Clinicians have been credited with uncovering and appropriately identifying diseases such as scurvy, beriberi, rickets, and pellagra, as being caused by vitamin deficiency as opposed to originating from toxins, germs, or other nutritional issues. Chemists also deserve recognition as they effectively isolated individual vitamins and comprehended their chemical structure allowing for synthesis of supplements. These steps have allowed for significant benchmarks in history regarding the discovery and usage of vitamins.

Recognizing the Impact of Vitamins

François Magendie, a leader of experimental physiology during the early 19th century also played a pivotal role in the discovery of vitamins. Malnutrition of the poor was a primary concern during his time and Magendie wanted to discover if foods containing nitrogen were nutritious. Magendie conducted experiments wherein he provided animals a restricted diet that did not contain nitrogen (proteins). The result was weight loss, corneal ulcers, and ultimately death. These symptoms are like those seen in humans experiencing vitamin A deficiency. Interestingly, symptoms like these were also found in orphans and abandoned children during the same era. Magendie’s association between food and health showed that current nutrition available to the poor was not sufficient. Although Magendie’s experiments did not directly isolate vitamin deficiency as the primary issue, his work did narrow the possible causes of malnutrition.

Until the early 1900s, it was presumed that all disease was caused by germs or the toxins they produced. Some were not satisfied with this hypothesis, especially due to the significant occurrence of scurvy and rickets. In 1906, Frederick Gowland Hopkins, an English biochemist, promoted the concept of “vitamin theory,” which posited that neither man nor animal could live on a diet composed solely of protein, fat, and carbohydrates. Although Gowland was likely not the first person to have this idea, he did pave the way for further investigation and analysis of the active properties of different food.
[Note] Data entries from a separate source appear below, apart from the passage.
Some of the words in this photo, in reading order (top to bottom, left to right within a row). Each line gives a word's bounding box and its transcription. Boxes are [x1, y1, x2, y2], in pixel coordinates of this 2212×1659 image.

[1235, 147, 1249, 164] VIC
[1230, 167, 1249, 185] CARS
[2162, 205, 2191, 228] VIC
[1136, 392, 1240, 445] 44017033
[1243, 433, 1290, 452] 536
Casimer Funk was the first person to use the term “vitamines” regarding specific food qualities. The original statement in 1912 was made about the active properties found in food. Although Funk’s hypothesis that all active substances or “vitamines” were nitrogen-containing amines was eventually disproved, he assisted in pushing the study of vitamins and nutrition forward.

A Boom of Innovation and Discovery

After we acquired a greater understanding of nutrition and the impact that vitamins have on it, significant leaps in comprehension, synthesis, and implementation were made.
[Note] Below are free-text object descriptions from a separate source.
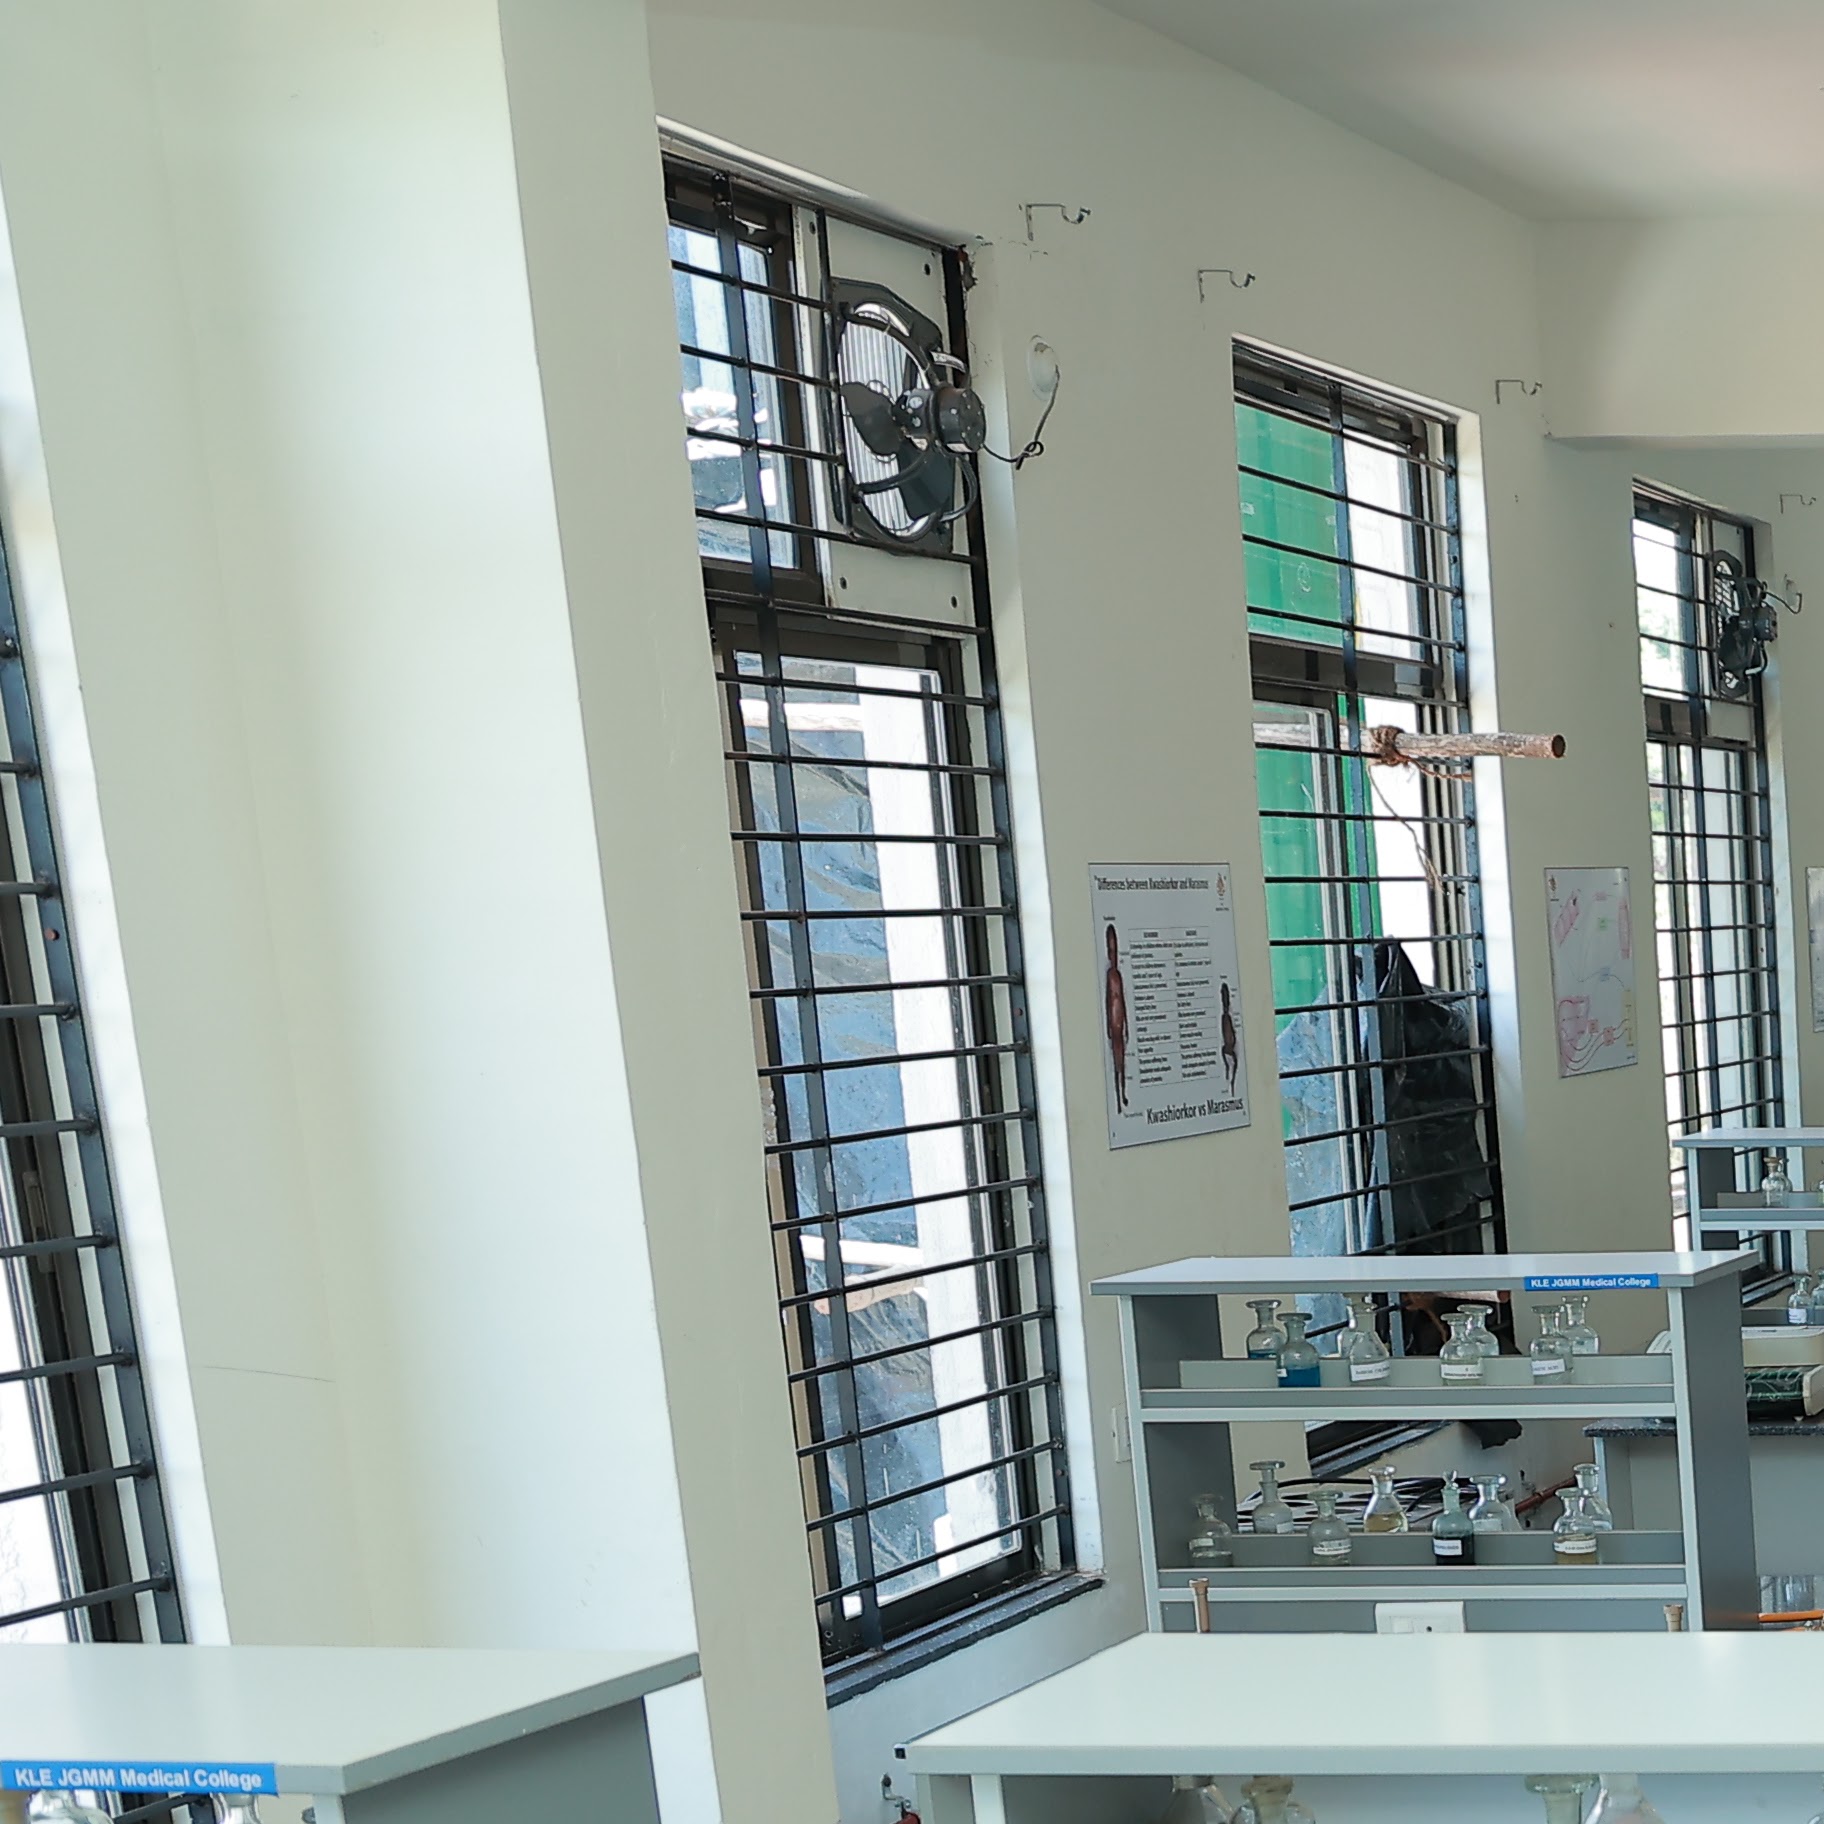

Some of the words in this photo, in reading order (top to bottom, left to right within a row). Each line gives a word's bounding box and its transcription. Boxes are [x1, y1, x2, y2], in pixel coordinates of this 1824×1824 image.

[1147, 1102, 1196, 1125] Kwashiorkor
[1198, 1105, 1206, 1117] vs
[1207, 1098, 1244, 1115] Marasmus
[1531, 1280, 1549, 1288] KLE
[1551, 1279, 1580, 1288] JGMM
[1582, 1278, 1617, 1286] Medical
[1618, 1277, 1651, 1287] College
[14, 1769, 53, 1787] KLE
[58, 1769, 115, 1788] JGMM
[120, 1768, 190, 1787] Medical
[193, 1769, 262, 1791] College
  • Between 1912 and 1916 vitamins A, B, and B1 were discovered in different foods.
  • During the 1920s it was found that vitamin C was the antiscorbutic factor in foods.
  • It was discovered that vitamin D could be used to treat rickets.
  • Vitamin E was found in vegetable oils.
  • In a study involving high cholesterol diets in chickens it was discovered that vitamin K was highly prevalent.
  • In 1926, D.T. Smith and E.G. Hendrick discovered vitamin B2. Soon after, Max Tishler discovered the process for synthesizing this critical vitamin.
  • In the 1930s artificially synthesized vitamin C was produced as a supplement named Redoxon.
  • In 1933, Lucy Wills discovered folic acid (vitamin B9) and later in 1937, Niacin (vitamin B3) was discovered by Conrad Elvehjem.
  • In 1947 vitamin A was effectively synthesized.
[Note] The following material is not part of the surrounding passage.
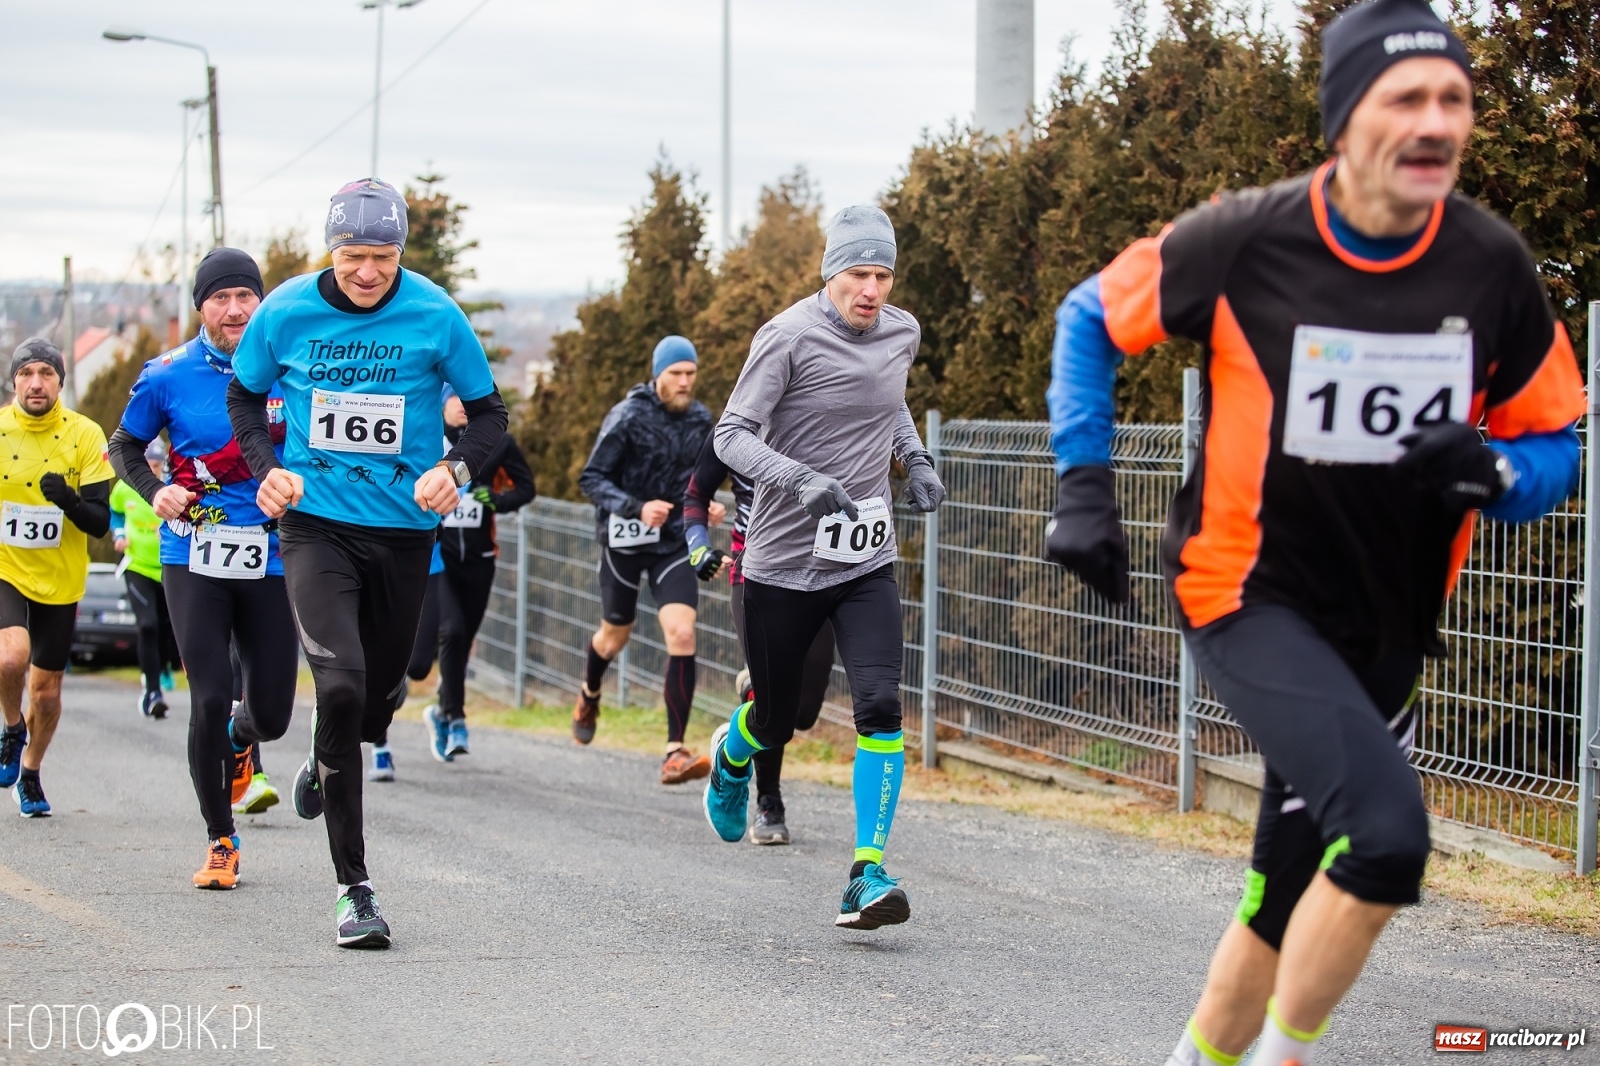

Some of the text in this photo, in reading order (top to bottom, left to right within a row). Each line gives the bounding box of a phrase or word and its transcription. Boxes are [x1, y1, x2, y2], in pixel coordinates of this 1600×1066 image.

This period marked an explosion of research and discoveries regarding vitamins and how to effectively acquire them. Further discoveries have occurred since then and are still happening today.

Our Modern Understanding of Vitamins

After centuries of study and exploration, we are now able to better optimize our health through vitamin supplementation. Most vitamins cannot be produced by animals or humans meaning that they must be acquired through diet or supplementation. Fortunately, improved and widespread knowledge regarding vitamins has led to improved health practices such as buying and eating more organic foods, utilizing supplements, and balancing diet. Even though it took multiple centuries of hard and slow-moving research, we now have a greater appreciation for and understanding of vitamins.